If you do not dispute the validity of the will, but feel that you should have received more under the will, you can enter what is called a ‘standing search’ which means you will be notified when Probate has been granted. This starts the 6 month time limit for bringing a claim under the Inheritance Act.

If you are not sure what you should be claiming, you should take legal advice to make sure you protect your position in the right way – either with a caveat or a standing search.

Taking Legal Advice

If you have not already done so (you don’t need a solicitor to enter a caveat), you should take legal advice at an early opportunity so that you can understand what you will need to prove your claim. It’s important to use a solicitor who is experienced in will disputes – they will be able to give you practical advice about the strength of your claim, and to talk through the issues and possible outcomes of legal action.

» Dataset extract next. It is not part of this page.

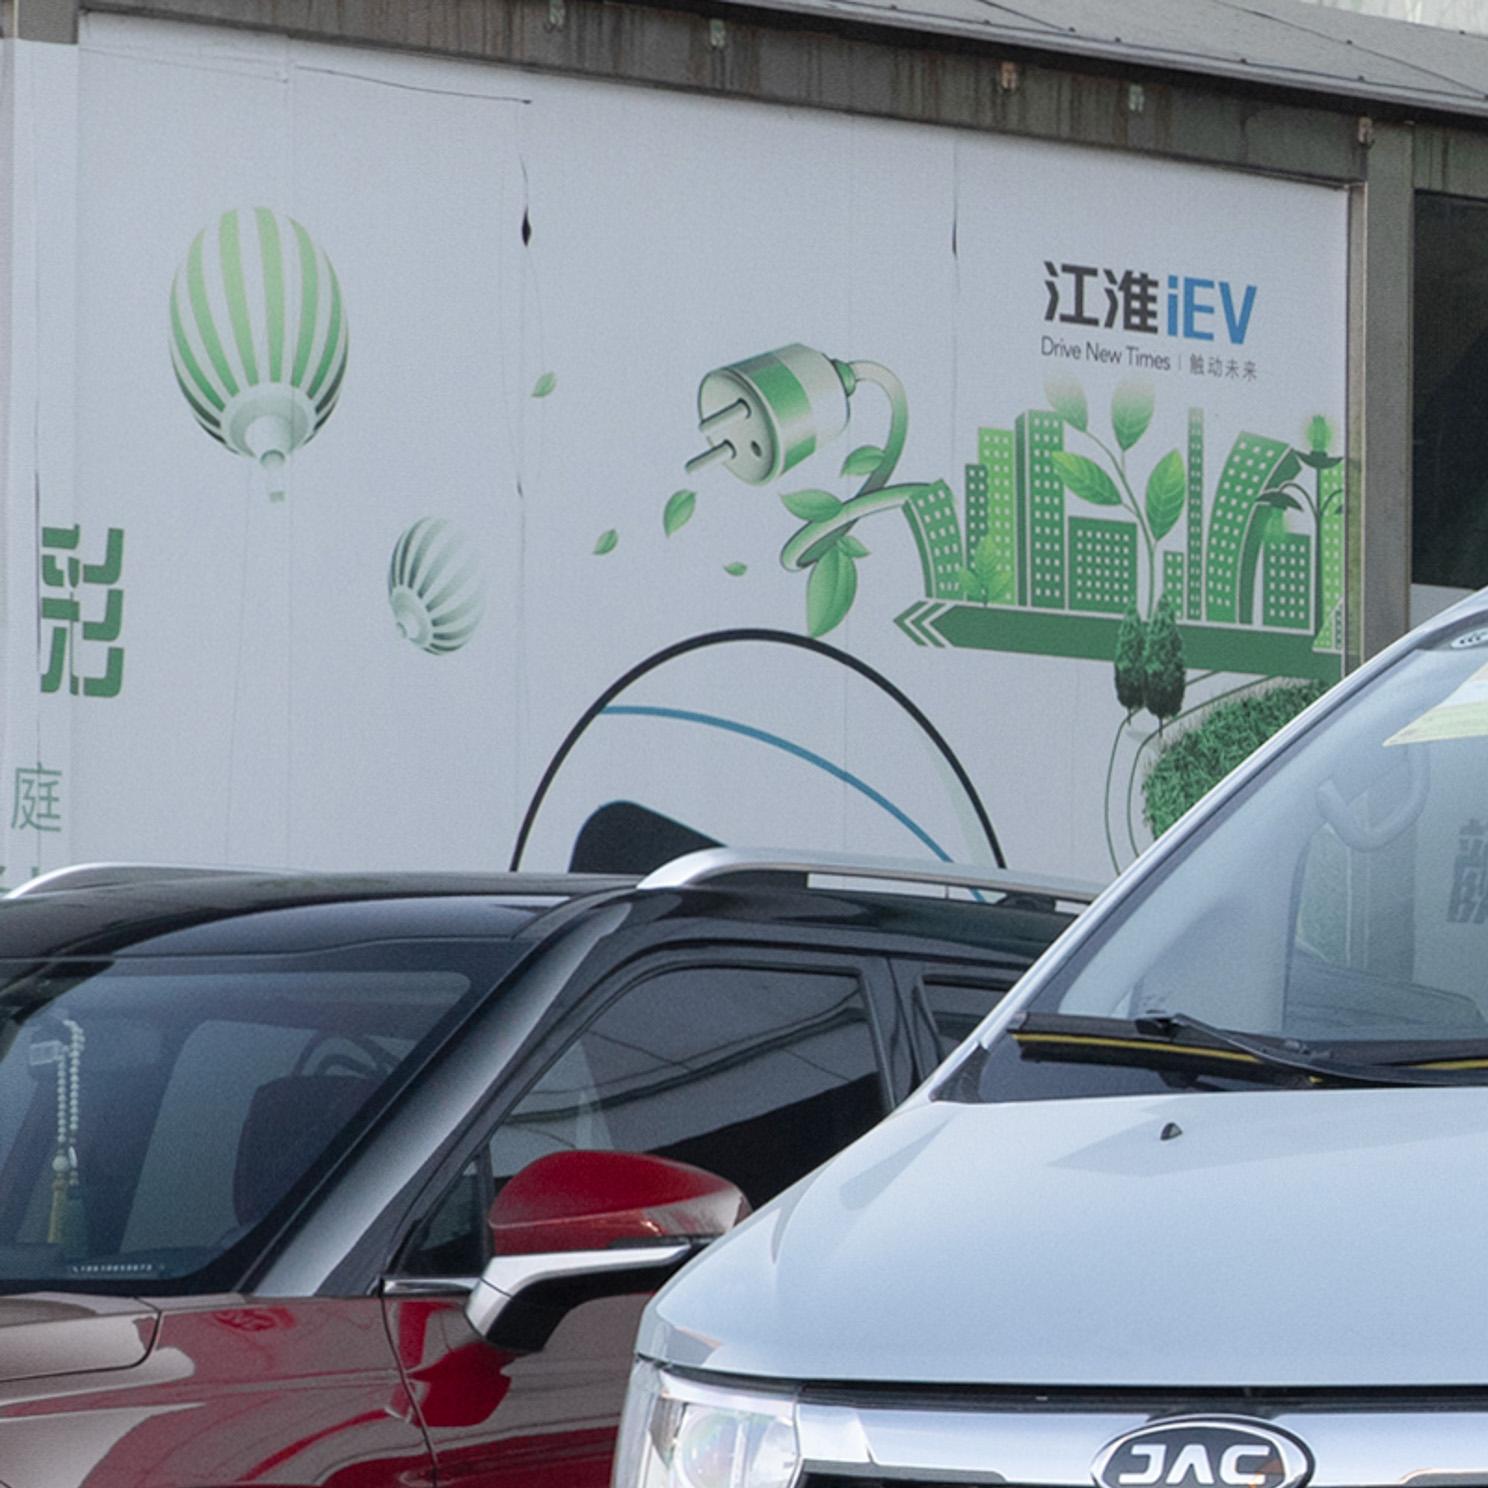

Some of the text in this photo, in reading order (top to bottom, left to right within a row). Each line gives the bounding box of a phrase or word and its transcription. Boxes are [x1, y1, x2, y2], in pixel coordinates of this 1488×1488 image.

At this early stage, your solicitor will talk to you about legal costs and how the claim will be funded. In many cases, you will be able to enter into a ‘no win no fee’ agreement, such as the arrangements we offer our clients.

Kicking off the claim

Once you have spoken to a solicitor about your claim, established the type of case you are going to bring, and instructed the solicitor to act for you, you may find that things go quiet for a while. Be assured that this doesn’t mean nothing is happening!

Your solicitor will be taking steps to contact solicitors acting for the people who you will be bringing the claim against. This could be the executors of the will, other relatives, or perhaps another unrelated beneficiary under the will in question, such as a charity.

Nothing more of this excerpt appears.